Questionable research practices (QRP) are believed to be widespread, but empirical assessments are generally restricted to a few types of practices. Furthermore, conceptual confusion is rife with use and prevalence of QRPs often being confused as the same quantity. We present the hitherto most comprehensive study examining QRPs across scholarly fields and knowledge production modes. We survey perception, use, prevalence and predictors of QRPs among 3,402 researchers in Denmark and 1,307 in the UK, USA, Croatia and Austria. Results reveal remarkably similar response patterns among Danish and international respondents (τ = 0.85). Self-reported use indicates whether respondents have used a QRP in recent publications. 9 out of 10 respondents admitted using at least one QRP. Median use is three out of nine QRP items. Self-reported prevalence reflects the frequency of use. On average, prevalence rates were roughly three times lower compared to self-reported use. Findings indicated that the perceived social acceptability of QRPs influenced self-report patterns. Results suggest that most researchers use different types of QRPs within a restricted time period. The prevalence estimates, however, do not suggest outright systematic use of specific QRPs. Perceived pressure was the strongest systemic predictor for prevalence. Conversely, more local attention to research cultures and academic age was negatively related to prevalence. Finally, the personality traits conscientiousness and, to a lesser degree, agreeableness were also inversely associated with self-reported prevalence. Findings suggest that explanations for engagement with QRPs are not only attributable to systemic factors, as hitherto suggested, but a complicated mixture of experience, systemic and individual factors, and motivated reasoning.

Introduction

The scientific literature in several fields is seemingly swamped with false-positive claims [1], and a so-called reproducibility crisis has been declared [2]. The widespread use of questionable research practices (QRPs) is believed to be the main culprit for this untenable situation [3]. That is at least the impression one gets from popular media and rapidly growing scholarly literature reporting seemingly serious challenges to the scientific enterprise [e.g., 4, 5]. In this view, QRPs, their prevalence, and their consequences are confined to a select few manipulative, undisclosed practices which are exploited to seek ‘statistically significant’ and thus publishable results [6]. Nevertheless, the concept of QRP is far more comprehensive. It covers a wide range of diverse practices with potentially equally serious consequences for the trustworthiness and integrity of the scientific enterprise and its outcomes [7]. Therefore, there is a need for a more comprehensive perspective if we are to understand QRPs better, as well as their roots, use, prevalence, and impacts.
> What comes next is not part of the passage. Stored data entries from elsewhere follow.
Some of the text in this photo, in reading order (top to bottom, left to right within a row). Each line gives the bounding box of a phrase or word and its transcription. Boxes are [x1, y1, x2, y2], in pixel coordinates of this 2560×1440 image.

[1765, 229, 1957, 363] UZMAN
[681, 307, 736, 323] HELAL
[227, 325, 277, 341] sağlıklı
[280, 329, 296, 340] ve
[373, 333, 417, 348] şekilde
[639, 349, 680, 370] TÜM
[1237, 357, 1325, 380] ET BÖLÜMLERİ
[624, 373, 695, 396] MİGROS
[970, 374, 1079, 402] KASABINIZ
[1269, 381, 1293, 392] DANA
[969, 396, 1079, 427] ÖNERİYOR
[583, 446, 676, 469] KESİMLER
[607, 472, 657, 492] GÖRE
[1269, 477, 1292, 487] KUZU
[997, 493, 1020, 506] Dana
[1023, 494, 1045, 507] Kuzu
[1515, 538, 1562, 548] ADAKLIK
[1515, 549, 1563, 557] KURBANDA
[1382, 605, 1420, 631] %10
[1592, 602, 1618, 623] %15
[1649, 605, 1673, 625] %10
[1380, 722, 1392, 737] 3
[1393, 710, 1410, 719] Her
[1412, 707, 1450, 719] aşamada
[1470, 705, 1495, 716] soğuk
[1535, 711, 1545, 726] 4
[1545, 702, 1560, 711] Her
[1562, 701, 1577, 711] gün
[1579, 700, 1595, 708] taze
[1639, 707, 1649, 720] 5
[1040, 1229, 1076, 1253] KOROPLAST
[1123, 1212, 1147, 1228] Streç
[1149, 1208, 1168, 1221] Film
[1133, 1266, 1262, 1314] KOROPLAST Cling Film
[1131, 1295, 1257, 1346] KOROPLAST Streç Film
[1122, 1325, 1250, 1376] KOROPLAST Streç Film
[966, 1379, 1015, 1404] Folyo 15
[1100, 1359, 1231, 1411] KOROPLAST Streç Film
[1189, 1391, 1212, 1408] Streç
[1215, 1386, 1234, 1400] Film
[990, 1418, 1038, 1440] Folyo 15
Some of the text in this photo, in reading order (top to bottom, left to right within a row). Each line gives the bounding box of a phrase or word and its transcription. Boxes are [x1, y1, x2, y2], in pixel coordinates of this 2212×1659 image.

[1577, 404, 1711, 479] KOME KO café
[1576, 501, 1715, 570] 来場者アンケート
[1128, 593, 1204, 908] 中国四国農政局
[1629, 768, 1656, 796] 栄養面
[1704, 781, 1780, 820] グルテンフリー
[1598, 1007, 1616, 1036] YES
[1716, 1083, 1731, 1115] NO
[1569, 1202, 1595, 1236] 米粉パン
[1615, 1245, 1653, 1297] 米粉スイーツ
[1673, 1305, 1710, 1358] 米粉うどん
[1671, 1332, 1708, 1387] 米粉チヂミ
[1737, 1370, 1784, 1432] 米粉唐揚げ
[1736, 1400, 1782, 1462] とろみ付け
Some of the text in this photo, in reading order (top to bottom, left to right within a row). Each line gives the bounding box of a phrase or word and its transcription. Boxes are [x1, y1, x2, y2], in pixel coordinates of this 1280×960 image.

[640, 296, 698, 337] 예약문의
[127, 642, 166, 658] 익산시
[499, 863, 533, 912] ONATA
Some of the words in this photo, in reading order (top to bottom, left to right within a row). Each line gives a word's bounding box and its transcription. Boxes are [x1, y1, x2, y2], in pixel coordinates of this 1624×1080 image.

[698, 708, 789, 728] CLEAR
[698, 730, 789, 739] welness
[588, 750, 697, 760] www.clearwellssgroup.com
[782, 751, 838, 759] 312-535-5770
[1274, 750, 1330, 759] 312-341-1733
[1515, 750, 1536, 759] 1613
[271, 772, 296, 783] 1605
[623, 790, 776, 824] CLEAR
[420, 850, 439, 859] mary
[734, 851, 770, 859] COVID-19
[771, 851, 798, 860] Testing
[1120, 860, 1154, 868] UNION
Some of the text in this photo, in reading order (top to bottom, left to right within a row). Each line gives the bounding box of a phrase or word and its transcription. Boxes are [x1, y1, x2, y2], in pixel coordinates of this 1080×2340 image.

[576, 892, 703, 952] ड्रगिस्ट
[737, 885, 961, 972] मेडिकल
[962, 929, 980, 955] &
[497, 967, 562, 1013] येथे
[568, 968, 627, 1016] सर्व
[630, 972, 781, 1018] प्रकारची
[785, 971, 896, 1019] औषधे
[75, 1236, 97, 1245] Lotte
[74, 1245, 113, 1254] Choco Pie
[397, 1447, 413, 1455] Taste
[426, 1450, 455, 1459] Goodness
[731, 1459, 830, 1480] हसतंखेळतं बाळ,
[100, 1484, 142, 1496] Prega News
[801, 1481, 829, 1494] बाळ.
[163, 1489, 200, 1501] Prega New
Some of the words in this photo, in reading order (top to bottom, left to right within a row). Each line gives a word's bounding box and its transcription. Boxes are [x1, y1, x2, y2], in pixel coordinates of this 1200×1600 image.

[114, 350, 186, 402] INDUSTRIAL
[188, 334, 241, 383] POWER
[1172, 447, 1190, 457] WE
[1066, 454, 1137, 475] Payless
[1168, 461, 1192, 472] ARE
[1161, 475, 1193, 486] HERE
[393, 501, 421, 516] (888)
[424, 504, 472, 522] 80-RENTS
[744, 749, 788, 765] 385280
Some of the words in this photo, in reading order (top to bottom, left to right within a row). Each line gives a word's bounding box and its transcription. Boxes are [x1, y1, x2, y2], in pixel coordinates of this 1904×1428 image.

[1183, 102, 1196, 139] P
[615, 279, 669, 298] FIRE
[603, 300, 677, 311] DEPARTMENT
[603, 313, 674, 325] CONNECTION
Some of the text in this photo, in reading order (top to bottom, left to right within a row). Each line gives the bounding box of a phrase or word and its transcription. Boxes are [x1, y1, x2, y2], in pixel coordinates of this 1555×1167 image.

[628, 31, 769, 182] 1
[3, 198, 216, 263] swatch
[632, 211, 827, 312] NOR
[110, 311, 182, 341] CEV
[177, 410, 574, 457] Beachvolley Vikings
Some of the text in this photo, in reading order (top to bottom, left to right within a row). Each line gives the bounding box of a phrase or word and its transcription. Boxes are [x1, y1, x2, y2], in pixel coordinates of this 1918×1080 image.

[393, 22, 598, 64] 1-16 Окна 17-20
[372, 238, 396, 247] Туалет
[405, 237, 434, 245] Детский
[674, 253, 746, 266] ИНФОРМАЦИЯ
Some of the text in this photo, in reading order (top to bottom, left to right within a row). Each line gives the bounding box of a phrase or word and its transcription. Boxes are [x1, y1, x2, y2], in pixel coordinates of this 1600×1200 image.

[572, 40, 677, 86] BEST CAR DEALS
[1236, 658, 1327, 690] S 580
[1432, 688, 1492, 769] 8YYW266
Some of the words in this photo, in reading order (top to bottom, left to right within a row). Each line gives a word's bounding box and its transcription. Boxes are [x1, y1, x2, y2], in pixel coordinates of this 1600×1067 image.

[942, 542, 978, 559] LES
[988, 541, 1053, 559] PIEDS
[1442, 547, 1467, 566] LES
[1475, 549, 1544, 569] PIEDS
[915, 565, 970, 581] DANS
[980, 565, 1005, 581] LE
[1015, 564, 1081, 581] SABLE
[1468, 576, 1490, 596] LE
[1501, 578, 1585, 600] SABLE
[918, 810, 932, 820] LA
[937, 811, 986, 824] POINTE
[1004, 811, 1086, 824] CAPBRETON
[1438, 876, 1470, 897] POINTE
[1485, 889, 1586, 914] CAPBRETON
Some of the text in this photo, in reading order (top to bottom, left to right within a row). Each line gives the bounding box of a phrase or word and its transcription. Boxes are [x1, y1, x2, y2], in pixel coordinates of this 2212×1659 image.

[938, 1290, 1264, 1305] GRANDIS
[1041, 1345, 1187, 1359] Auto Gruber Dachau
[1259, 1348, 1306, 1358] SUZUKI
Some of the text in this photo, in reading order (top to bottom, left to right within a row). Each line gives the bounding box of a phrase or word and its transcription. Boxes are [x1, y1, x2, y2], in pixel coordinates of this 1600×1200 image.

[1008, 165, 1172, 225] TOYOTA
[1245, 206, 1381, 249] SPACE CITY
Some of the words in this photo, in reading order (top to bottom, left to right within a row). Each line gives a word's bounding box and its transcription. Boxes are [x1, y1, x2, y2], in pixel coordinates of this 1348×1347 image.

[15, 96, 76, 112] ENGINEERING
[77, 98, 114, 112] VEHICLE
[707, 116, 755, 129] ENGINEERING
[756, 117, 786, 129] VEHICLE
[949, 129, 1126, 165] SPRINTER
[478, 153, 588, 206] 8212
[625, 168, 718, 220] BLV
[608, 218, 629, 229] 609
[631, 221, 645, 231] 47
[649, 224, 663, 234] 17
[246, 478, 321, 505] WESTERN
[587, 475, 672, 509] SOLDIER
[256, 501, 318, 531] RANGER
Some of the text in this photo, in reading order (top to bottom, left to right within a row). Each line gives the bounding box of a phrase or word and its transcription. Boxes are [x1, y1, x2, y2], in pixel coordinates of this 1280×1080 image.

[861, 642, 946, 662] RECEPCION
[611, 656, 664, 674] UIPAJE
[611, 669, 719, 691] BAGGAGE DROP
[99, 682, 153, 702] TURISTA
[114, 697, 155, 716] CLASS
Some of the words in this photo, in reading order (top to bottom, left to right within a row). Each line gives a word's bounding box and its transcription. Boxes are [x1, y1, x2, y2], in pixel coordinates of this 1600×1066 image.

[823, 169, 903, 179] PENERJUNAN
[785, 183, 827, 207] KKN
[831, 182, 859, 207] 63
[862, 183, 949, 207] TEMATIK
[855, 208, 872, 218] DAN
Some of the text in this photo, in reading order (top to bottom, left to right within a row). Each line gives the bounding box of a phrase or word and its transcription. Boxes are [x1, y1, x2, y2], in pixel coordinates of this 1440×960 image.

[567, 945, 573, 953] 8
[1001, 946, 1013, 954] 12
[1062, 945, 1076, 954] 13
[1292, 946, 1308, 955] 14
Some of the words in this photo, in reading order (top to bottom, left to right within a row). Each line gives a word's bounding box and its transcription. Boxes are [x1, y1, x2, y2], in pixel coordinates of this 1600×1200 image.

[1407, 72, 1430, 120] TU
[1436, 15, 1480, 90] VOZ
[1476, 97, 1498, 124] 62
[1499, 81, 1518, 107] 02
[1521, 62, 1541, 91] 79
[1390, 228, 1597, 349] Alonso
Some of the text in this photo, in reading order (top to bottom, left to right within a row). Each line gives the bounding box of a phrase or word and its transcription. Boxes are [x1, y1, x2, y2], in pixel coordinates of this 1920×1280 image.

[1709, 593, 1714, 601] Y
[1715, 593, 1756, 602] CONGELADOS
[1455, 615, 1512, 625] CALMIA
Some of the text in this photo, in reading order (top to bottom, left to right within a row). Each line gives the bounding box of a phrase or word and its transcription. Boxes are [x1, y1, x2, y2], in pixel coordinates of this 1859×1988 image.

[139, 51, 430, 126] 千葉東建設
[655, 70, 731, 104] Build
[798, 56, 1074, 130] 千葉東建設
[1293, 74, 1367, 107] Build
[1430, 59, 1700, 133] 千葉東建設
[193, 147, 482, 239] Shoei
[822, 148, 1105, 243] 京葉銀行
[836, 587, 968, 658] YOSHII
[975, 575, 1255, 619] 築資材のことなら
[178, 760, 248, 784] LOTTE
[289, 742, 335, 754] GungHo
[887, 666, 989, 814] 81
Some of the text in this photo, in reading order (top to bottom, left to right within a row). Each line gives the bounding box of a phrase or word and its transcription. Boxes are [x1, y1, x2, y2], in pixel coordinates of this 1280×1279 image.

When, in 2005, Martinson and colleagues warned that, surprisingly, many US-based scientists funded by the National Institute of Health (NIH) ‘misbehaved’ [8], it marked an emerging reorientation in the discussions and studies on breaches of research integrity. They called for the need to change focus from spectacular but presumably rare cases of misconduct to a broader range of more “mundane ‘regular’ misbehaviours” viewed as questionable research practices [8], defined as actions that deviate from traditional values and standards of the research enterprise [9, 10]. They are not acts of misconduct, commonly defined as fabrication, falsification, and plagiarism (FFP) [10]. Instead, they are actions that violate the fundamental tenets of research, performed inadvertently or intentionally, occurring at every stage in the research process, and falling on a spectrum of severity from sloppy to detrimental [11]. QRPs are ‘ethical shades of grey’ between acceptable and unethical practices that offer considerable latitude for rationalisation and self-deception [12]. Individual QRPs often resist simple definitions and may even be defensible in specific contexts [13, 14]. They may include acts such as claiming authorship when not warranted, flawed peer reviewing, selective citing and deceptive reporting, overselling results, and various manipulative statistics popularly referred to as p-hacking [6, 7]. QRPs produce bias in everything from peer reviewing [e.g., 15] and authorship credits [e.g., 1618] over citation networks and indicators [e.g., 1923] to published research findings [e.g., 1, 24]. QRPs are presumed to be much more prevalent than individual acts of misconduct and are, therefore, seen as more damaging to research integrity [11]. If this is the case, the validity of knowledge claims in the literature will be undermined [7, 25], resources will be wasted [26], unnecessary harm may be inflicted, scientific norms will be challenged [27], trust between researchers will be eroded, and unfair reward structures evolve [28, 29].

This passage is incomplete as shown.